Pelik! Ini Sumber Masalah PANN, BUMN yang Dibubarkan Jokowi

portalutama.com – PT Pengembangan Armada Niaga Nasional atau PT PANN (Persero), perusahaan pelat merah yang dibubarkan Presiden Joko Widodo (Jokowi), ternyata memiliki segudang masalah.

Perusahaan pelat merah yang dulunya bergerak di bidang multifinance untuk pembiayaan kapal, PT Pengembangan Armada Niaga Nasional (Persero) atau PT PANN terpaksa menanggung beban utang sejak 1994, tanpa mendapatkan pemasukan dari utang tersebut.

Padahal, dulunya perusahaan ini menjadi salah satu penyumbang dividen kepada negara. Direktur Utama PANN Hery S. Soewandi mengatakan saat ini perusahaan terpaksa bertahan dan membiayai 21 pegawai, termasuk satu direksi dari operasional dua hotel yang dimilikinya.

Namun, operasional hotel ini tak mampu menutupi kewajiban perusahaan (termasuk utang) yang saat ini mencapai Rp 3,76 triliun dan biaya bunga Rp 2,8 triliun.
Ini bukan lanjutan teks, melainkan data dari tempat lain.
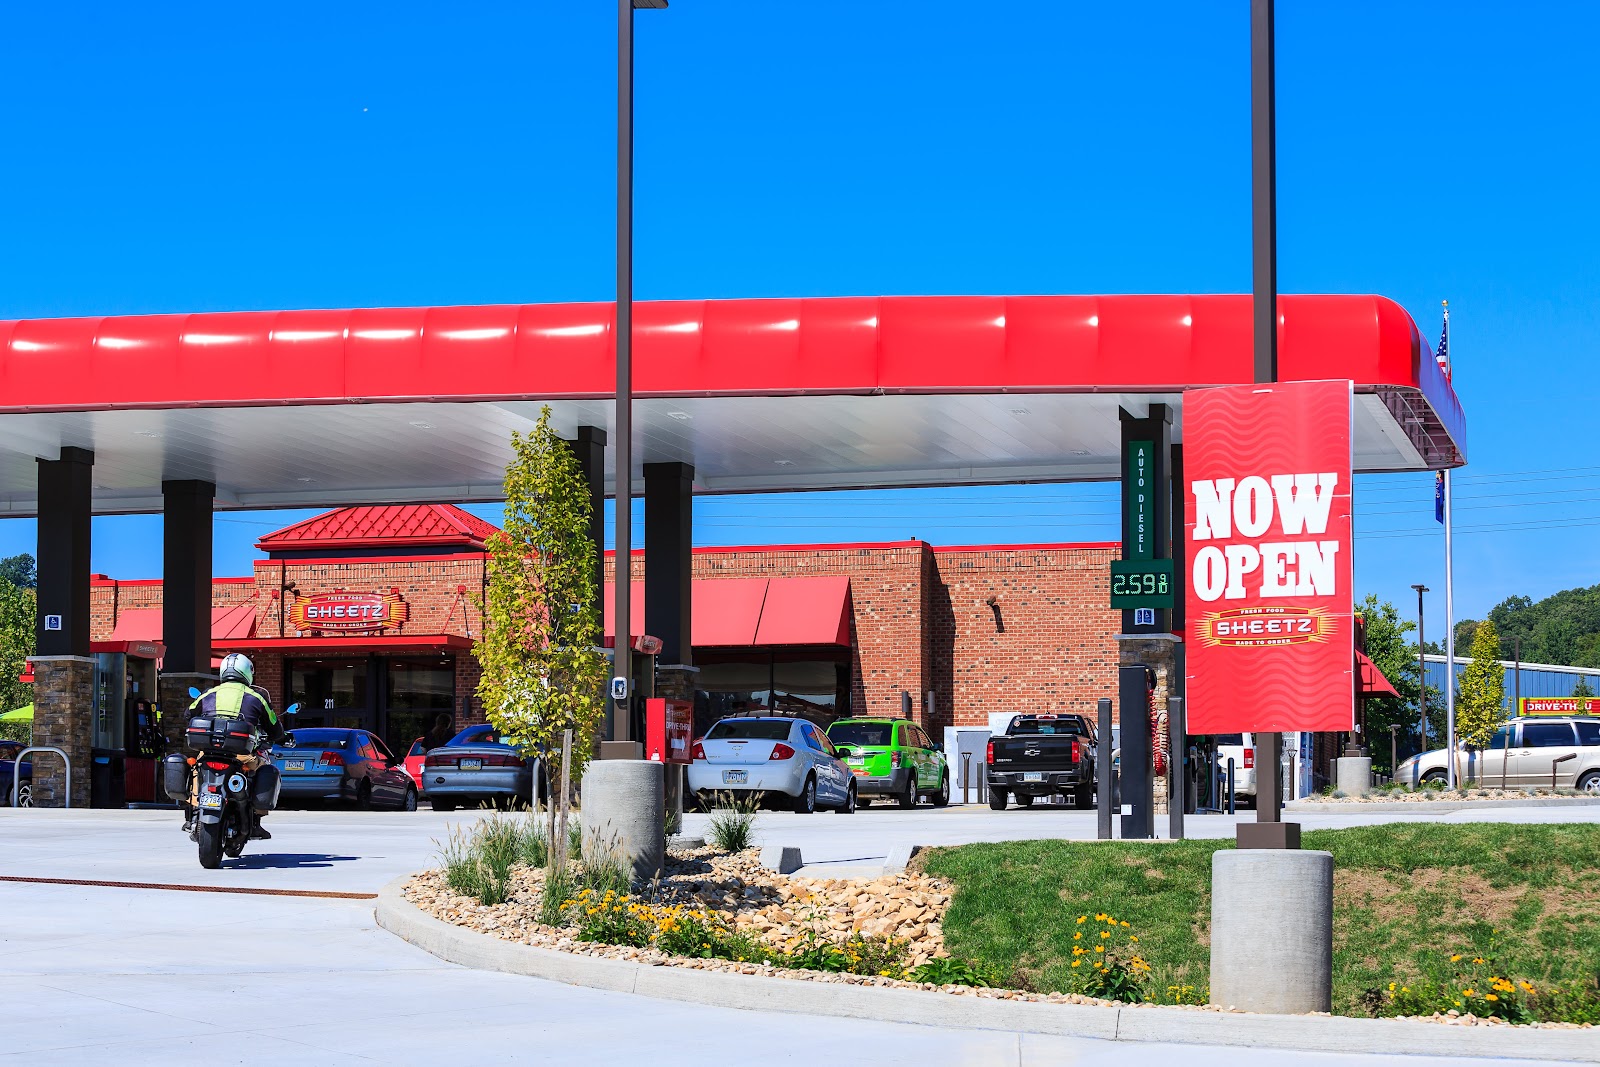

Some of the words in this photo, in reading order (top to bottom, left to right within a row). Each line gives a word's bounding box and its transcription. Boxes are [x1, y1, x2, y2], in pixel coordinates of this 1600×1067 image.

[1191, 472, 1338, 541] NOW
[1192, 540, 1340, 602] OPEN
[307, 604, 384, 618] SHEETZ
[1217, 618, 1313, 635] SHEETZ
[324, 698, 335, 709] 211
[1527, 703, 1592, 711] DRIVE-THU
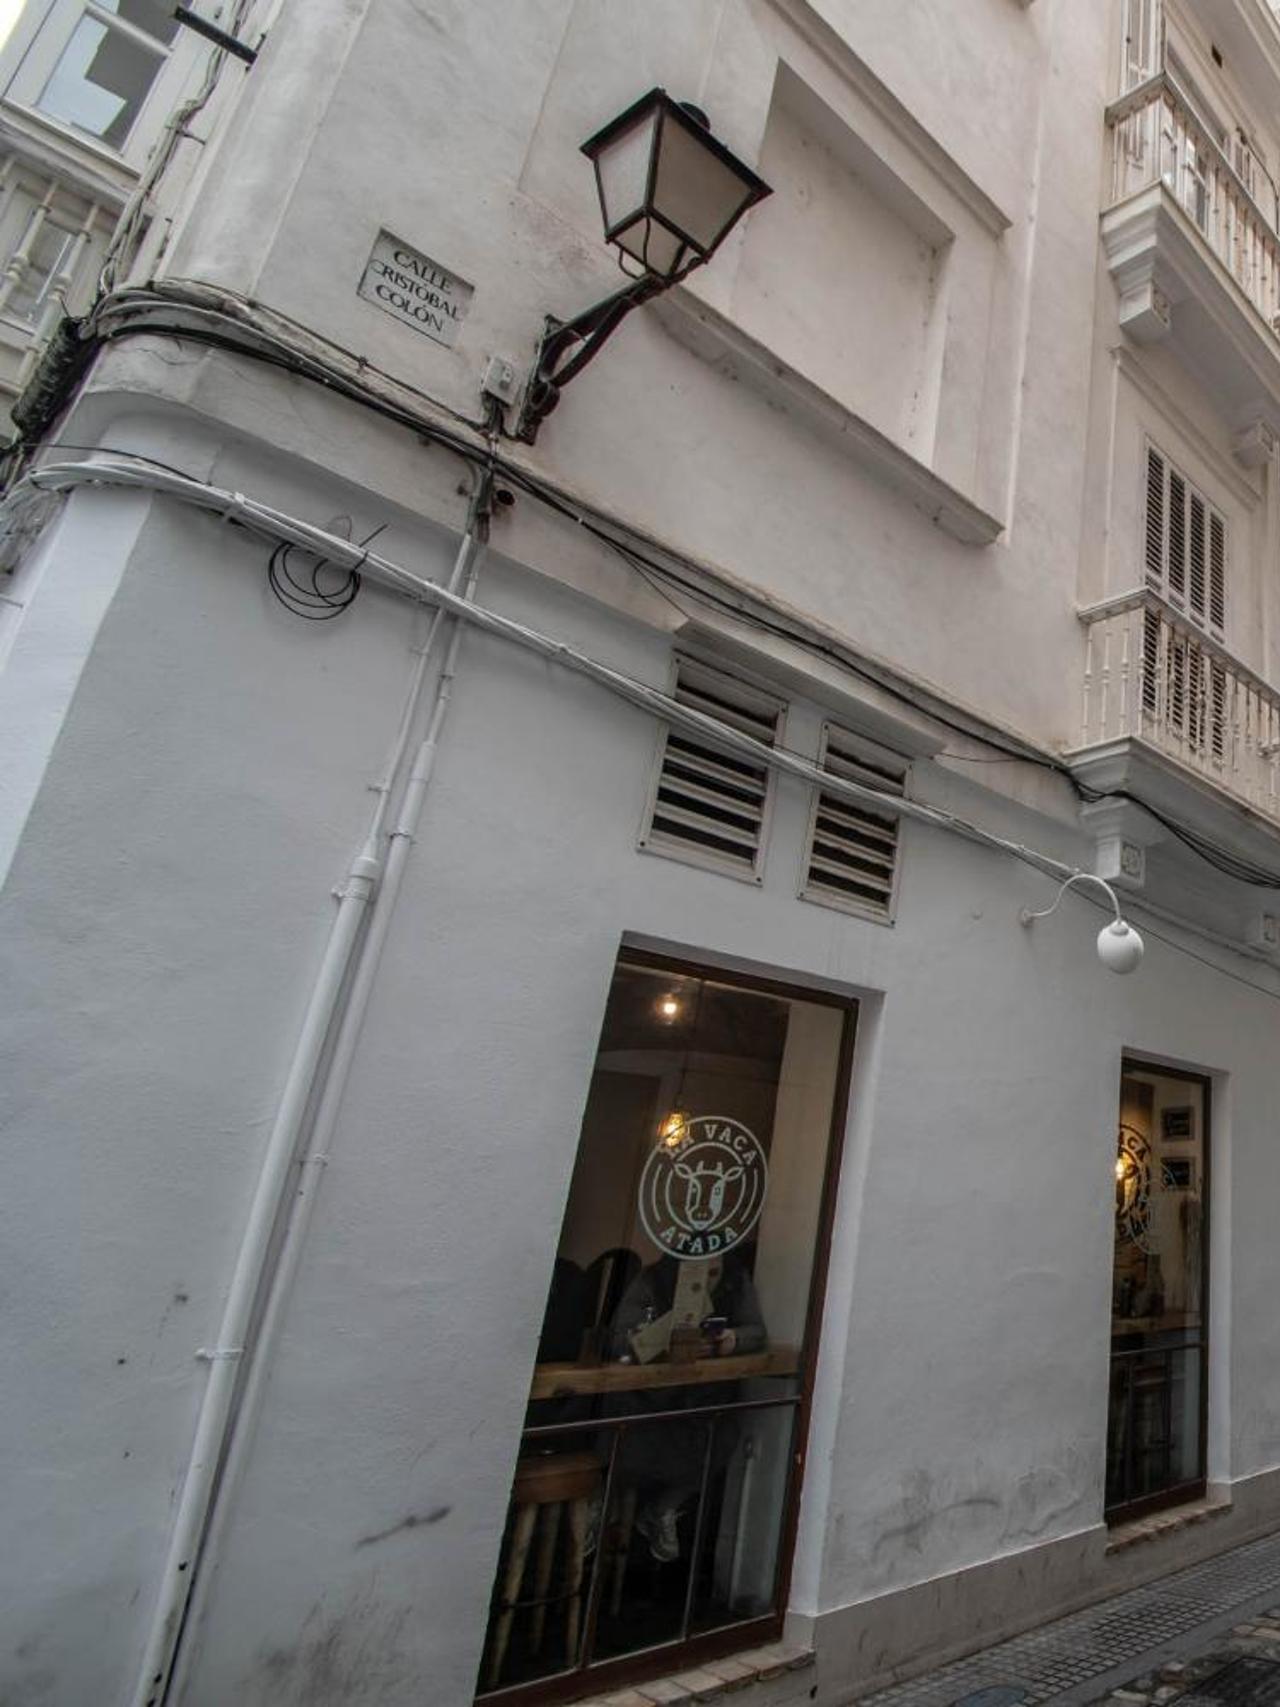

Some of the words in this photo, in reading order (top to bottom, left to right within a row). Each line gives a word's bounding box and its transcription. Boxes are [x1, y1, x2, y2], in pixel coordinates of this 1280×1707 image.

[370, 259, 463, 322] CRISTÓBAL
[393, 250, 452, 295] CALLE
[375, 284, 443, 332] COLÓN
[705, 1124, 757, 1165] VACA
[660, 1226, 737, 1253] ATADA
“Didirikan tahun 1974 dan 20 tahun sampai 1994 PANN menguntungkan. Selalu bayar dividen dan pajak rajin. Nah, kebetulan di 1994 pemerintah menempatkan ada dua transaksi program kerja sama Indonesia dengan Jerman dan transaksi kerja sama dengan Spanyol,” kata Hery dalam rapat dengan Komisi VI DPR RI pada tahun 2020.

Rapat itu dalam rangka PANN memperoleh penyertaan modal negara (PMN) senilai Rp 3,76 triliun. perusahaan mengajukan PMN non-cash senilai Rp 3,76 triliun ini untuk mengkonversi SLA (service level agreement) tersebut.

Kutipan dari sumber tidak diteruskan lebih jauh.